For some, the first sign of a so-called “burnout” is in our academic or athletic lives as a child. I had a sister who was on the “academic” side, and I was on the “athletic” side. I never saw a point is studying hard if I could get a “B” while still having fun playing sports.
My dad was a coach for the sports his daughters played, and his coach hat never came off long after practice was over. He wasn’t quite a Nick Saban, but he was tough.

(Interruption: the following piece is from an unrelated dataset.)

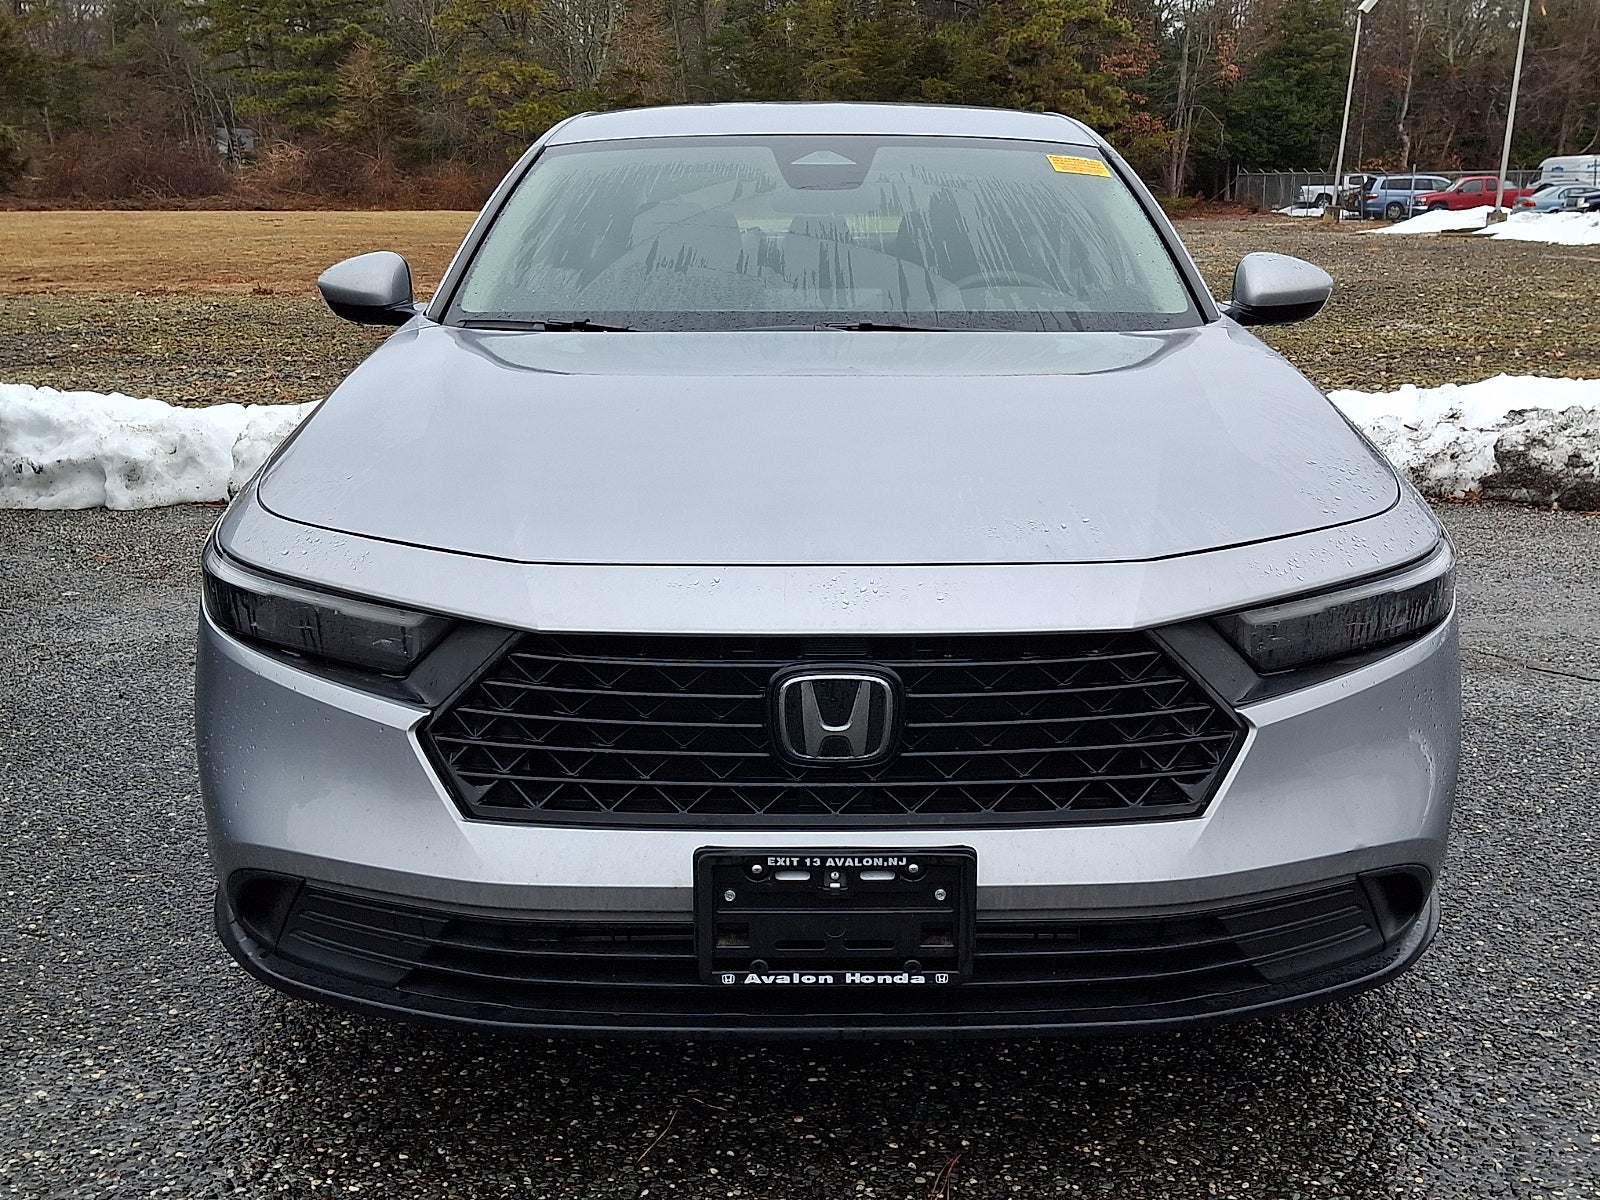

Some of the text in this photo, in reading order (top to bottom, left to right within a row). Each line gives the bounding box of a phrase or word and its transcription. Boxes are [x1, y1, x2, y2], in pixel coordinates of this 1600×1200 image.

[767, 856, 800, 867] EXIT
[804, 857, 821, 867] 13
[744, 973, 834, 984] Avalon
[845, 972, 926, 984] Honda

I didn’t know anything better than a school day that started with 500-1000 swings of the bat in the basement on a cold winter’s day, a full day of school, and then some kind of practice – either with a glove on my hand or a bouncing ball on the court. As I would finish stupid homework in the late hours of the evening I could hear my mom say to my dad while she did the dishes “I don’t know how she does it. She has to be exhausted. If she wasn’t playing sports she could be a better student.”
At one point I had to go with my dad, an electrical designer and draftsman, to an after-work ongoing education class. I had to sit in the back and “don’t say a W O R D”, spelling out the word “word” like it had 5 syllables.
I faked focusing on homework as I analyzed the people in the room. I remember thinking it was odd adults had to go to school – wasn’t half the point of BEING an adult not going to school?
The proctor asked a question of the group. There was silence. He asked again. And again. The third time he said it slowly, like talking to a room full of Forest Gumps.
“What is the definition of a Prime Number?”, he sighed.
I could feel my hand raising as my mind went between “don’t say a word” and “but I know the answer” in my head.
The proctor squinted to see me, raised his chin, and said “Yes, you in the back.”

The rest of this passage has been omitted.